Cada um com o seu Pokémon
Quanto mais avanço em anos — e quanto mais, também, mergulho nos mistérios mitológicos — mais me convenço da profunda sabedoria de nossos ancestrais. Toda a história humana, em meu entender, já foi contada. Através de lendas, de mitos, de fábulas, de metáforas. E de ficções tão maravilhosamente romanceadas que se tornaram reais.
O ser humano repete-se a si mesmo em contextos diferentes. Aquela afirmação de “nada haver de novo sob o Sol” é mais verdadeira do que imaginamos, especialmente em nossa era de tão pouca imaginação. O homem das primitivas cavernas naturais é, agora, o homem das cavernas artificiais. A diferença, talvez, deva estar no fato de as cavernas primitivas terem servido de abrigo, ao passo que as atuais surgem como jaulas aprisionadoras. E não é sutil a diferença entre abrigar e aprisionar. Mas, sei lá…
Ao confundirmos o fato com o mito, perdemos a própria vida. A história de Adão e Eva é um fato ou um mito? Se entendida como fato, é impossível de ser aceita pela inteligência humana. No entanto, como mito é uma das mais exemplares lições da história humana. Nela, está o sonho de um paraíso, a bem-aventurança de um mundo perfeito, a vocação humana para a felicidade e, ao mesmo tempo, o orgulho, a perda, a desobediência, a infração, o mal. Aquilo que parece ter sido ainda é.
Verdade é palavra que deveria ser escrita no plural, alguém já nos disse. Pois não há apenas uma, a menos que aceitemos sujeitarmo-nos a tiranias ideológicas. Aliás, até hoje, ecoa como estrondo estarrecedor o silêncio do Cristo quando Pilatos lhe pergunta: “Que é a verdade?” É a sabedoria do silêncio diante dos segredos e mistérios da vida. Na realidade, não ter respostas é, para quem busca a sabedoria, a principal maneira de, algum dia, vir a encontrá-las. Quem sabe?
De minha parte, o que — até bem pouco tempo — me parecia perplexidade se me tornou aceitação, uma forma compassiva de admitir a incapacidade de compreensão. Ora, se não compreendo, o que me resta senão aceitar? Se não posso mudar, que posso fazer senão me adequar, no árduo exercício de manter o que me parece verdadeiro com o que ainda me é desconhecido? Filósofos chamam algo assim de “douta ignorância”, maneira inteligente de reconhecer os limites de seu conhecimento.
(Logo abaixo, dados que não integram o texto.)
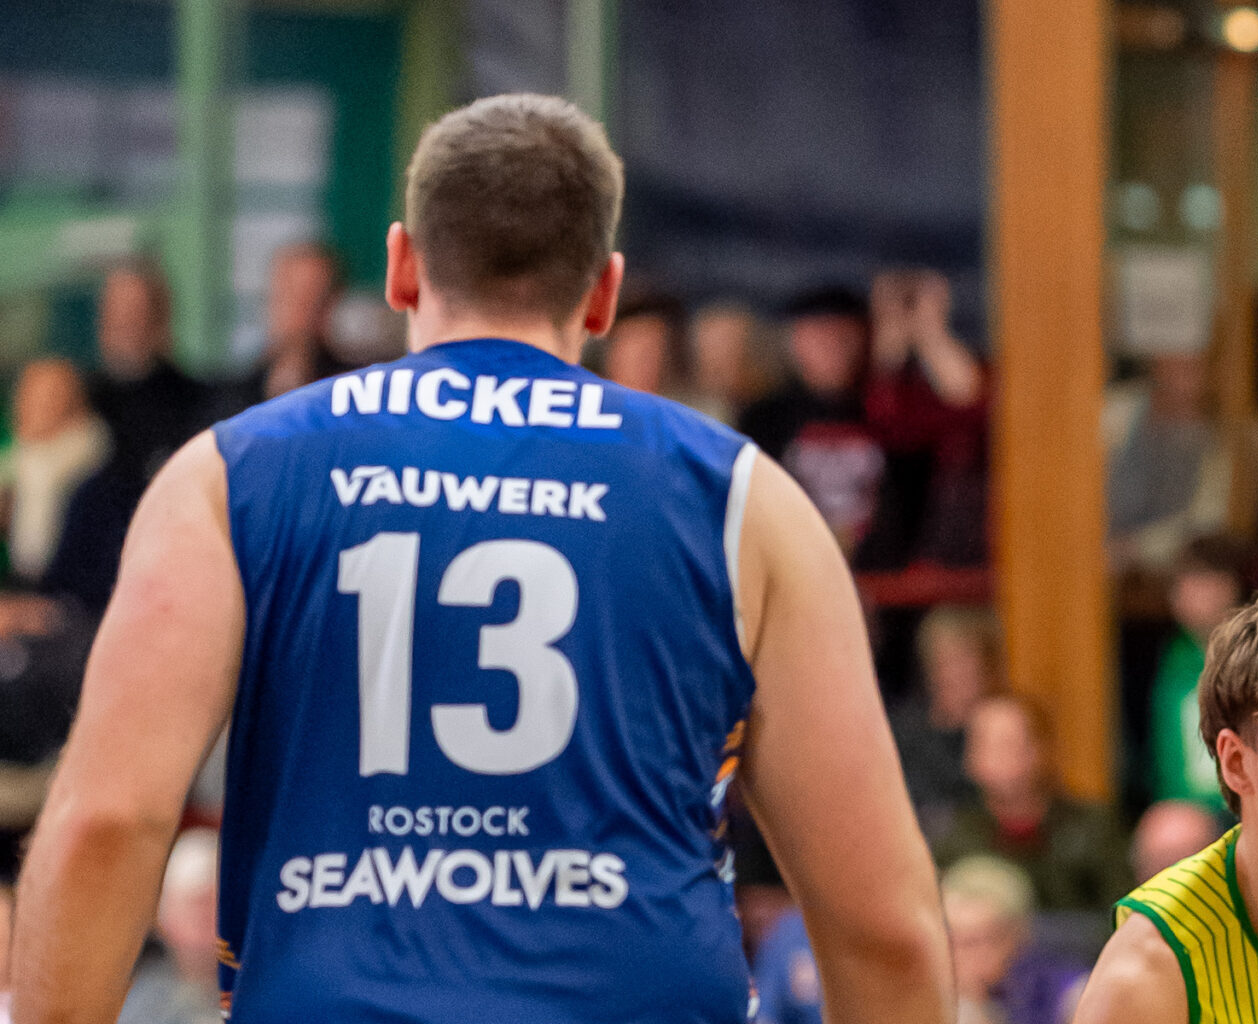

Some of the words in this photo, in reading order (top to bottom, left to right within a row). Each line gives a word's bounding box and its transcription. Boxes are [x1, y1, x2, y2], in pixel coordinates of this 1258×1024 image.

[332, 367, 622, 428] NICKEL
[331, 465, 608, 521] VAUWERK
[338, 531, 579, 778] 13
[368, 806, 530, 836] ROSTOCK
[277, 846, 629, 913] SEAWOLVES
Diante dessa questão é que me reporto a Eva e a Adão, ao mito da “Árvore do Conhecimento”, a do Bem e do Mal. Comer do fruto dessa árvore é cavar a sua própria sepultura. Ainda hoje. E, certamente, até o fim dos tempos. Pois, querer conhecer é o inferno diário, o tormento que espicaça a alma, que amarga o coração e dilacera a inteligência. Convive-se com o conhecimento como técnica, mas é doloroso ousar busca-lo como plenitude. Doloroso e inútil pois, em resumo, o que se busca é a verdade. E a verdade, que é ela?
O nada conhecer é — como sempre, sei lá eu — talvez, a mais bela maneira de viver. Eva e Adão foram felizes em sua ignorância, nas simples e doces alegrias de um jardim. E desgraçaram-se ao comerem um pedacinho do conhecimento, como um fruto desejável. A partir de um simples bocado, quiseram mais e perderam o muito que tinham. Pois a fome do conhecimento é insaciável e, assim sendo, persegue o ser humano até o fim de seus dias. A menos que ele consiga aproximar-se da “douta ignorância”, essa que se contenta em “saber que nada sabe”. E que nunca saberá.
E não é que me enveredo pelas trilhas de tais reflexões por causa dos Pokémons? Eles — brinquedinhos de ficção — tornaram-se os novos ídolos universais, verdadeiros deuses aos quais se dão plena dedicação e tempo quase integral. Exercem tal sedução que se tornaram reais, verdades concretas no cotidiano de multidões. São mitos em formação. Os Pokémons não passam de ficções que, parecendo reais, existem sem ser verdadeiras. Como os deuses, como Papai Noel, como céus e infernos. Entraram em nossa história e, no futuro, poderemos ser vistos como uma humanidade que “acreditou em Pokémons.”
Gosto disso. Parece-me, hoje, ser uma grata solução. Como o futebol, o jogo, as drogas. “Caçar Pokémons” é mais salutar, mais saudável, mais inteligente do que votar em políticos. Pokémons alegram as almas, não exigem perguntas, pois são, eles mesmos, as resposta prontas. Políticos são a realidade em forma de farsa. Um caminho para a “douta ignorância” talvez esteja em trocar políticos por Pokémons. Cada um com os seus. Por que não?